Hustler accuses MPs of corruption, naysayers now await deliverance

Opinion
By Brian Otieno | Aug 17, 2025
When President William Ruto inspected the 257 km Lamu-Ijara-Garissa road (LAPSSET corridor on February 07, 2025. [PCS]

Going back to Homa Bay for the nth time in less than a year this past week, President William Ruto must have smiled at how clean his path has been swept.

Before he shook Baba Raila Amollo Odinga’s hand in July last year, the path was littered with eggshells, and Bwana Hustler, recently more famous as Kasongo, had to measure his words. Not anymore.

Buoyed by his partnership with Tinga, Hustler can talk with the assertiveness of a man in a house he bought with his own money. Courtesy of their alliance, Hustler is only renting Homa Bay and the rest of Luo Nyanza.

He might have prayed himself into finding favour with the good people from the Lakeside. Hustler is the embodiment that prayer works. A chicken seller who went to school barefoot rose to the presidency, beating odds, dynasties, and the deep state.

And he would win over Tinga, a man who previously sang Must-Go more fluently than Gen-Z. Tinga has forgotten the lyrics as he learns the notes to the song Tutam. Si uchawi, ni maombi!

The product of prayer was last week's answer to prayers, a prayer, to be more specific, said by elements Hustler likes to call “naysayers.” Ahead of the 2022 election, these ‘naysayers’ had faulted Hustler for saying nothing about corruption.
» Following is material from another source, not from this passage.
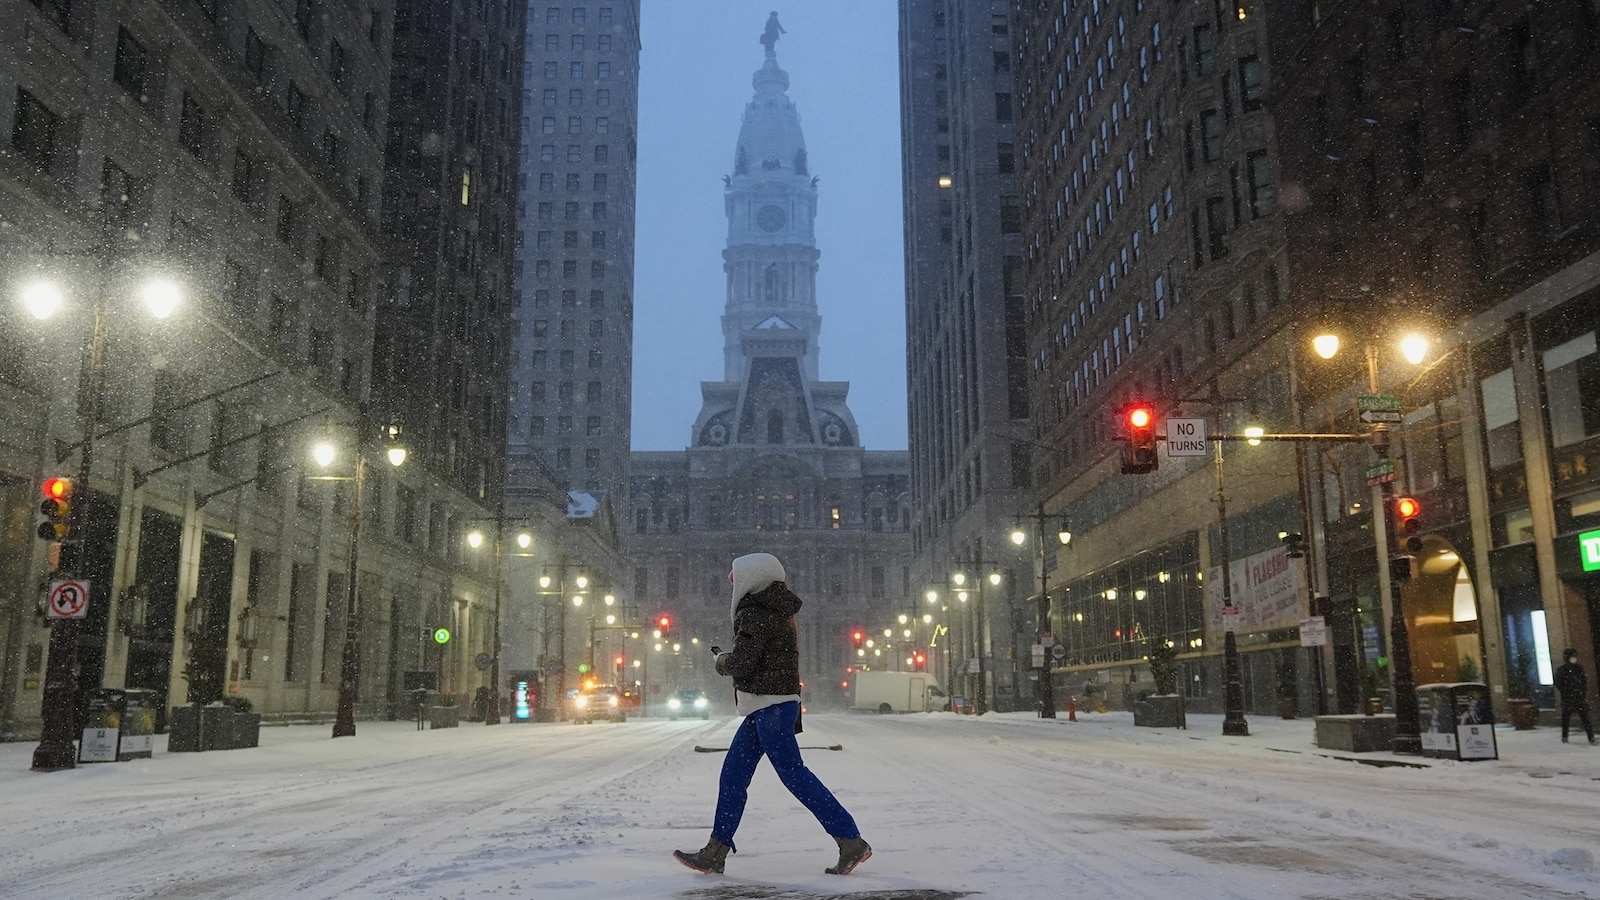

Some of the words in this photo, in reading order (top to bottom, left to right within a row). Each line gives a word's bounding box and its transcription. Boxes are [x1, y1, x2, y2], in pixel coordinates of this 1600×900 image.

The naysayers prayed and fasted, and prayed again, almost to the point of giving up. Their only ask was that the Head of State would talk about corruption. He did on Wednesday, lamenting that lawmakers for seeking bribes from state officials for favourable reports.

“The legislature must be held to account,” Bwana Rais roared. There are instances where money is being demanded from the executive, governors, ministers, and those seeking accountability before our houses of Parliament.”

He did not reveal whether or not the executive had been paying out the bribes for the favourable reports. Not that it would matter, owing to the fact that the reports are mostly used as seats for parliamentary journalists.

Given how long it took Hustler to talk about graft, naysayers will need specialised prayers and more fasting to have the president do something about it. They might need to procure the services of the shoulder-quaking Roho evangelists from Mulembe.

Does Hustler look likely to do something, anything, about corruption? Well, it is telling that graft cases involving many of his allies collapsed as soon as Hustler “put the Bible down.” Not to mention his loud silence over the scandals that have rocked his administration, such as the Sh9 billion e-Citizen scam unearthed recently.

Talking may be as much as Kenyans will get. Since he was elected in 2022, Hustler has been faulted for mostly being a Kusema-na-Kusema guy, and not the Kusema-na-Kutenda president he promised to be.

He dishes promises he cannot keep, such as a machine that will produce a million chapos a day and a 6kg cooking gas cylinder that goes for “Sh300 to Sh500.” There is the promise of hosting the Grammys in Kenya, which failed to materialise. Yesterday, Hustler amended the pledge, saying Kenya would host an “African edition” of the Grammys.

“As usual, there are those who doubt – the cynics who question everything we do. But as we have always done, we will answer them with tangible outcomes that benefit Kenyans,” Hustler said in Nyeri, where he hosted the Kenya Music Festival state concert.

Mtukufu Rais should specify the tangible outcomes he is talking about, especially to a group he empowered with bodabodas last week, but who still walked home.

But there is hope that Hustler may be learning the Kutenda skill that has evaded him. Indeed, he has promised and delivered millions for our valiant Harambee Stars team, whose alphabet does not feature an L.

Bwana Rais has kept promises about corruption before. When asked how he would end the vice ahead of the 2022 elections, he vowed to ensure there would be no public money to steal. True to his word, MPs are struggling to find unclaimed loot and have hence resorted to extortion.

Hustler’s government has succeeded in making money scarce. Not just for corruption, but for critical sectors like education and health. The free primary education, introduced by the late President Mwai Kibaki in 2003, has produced youth whose hobby is smoking tear gas, and so it could soon be scrapped.

The only sector unaffected by this cash crunch is opulence, which has grown in leaps and bounds since Hustler became president.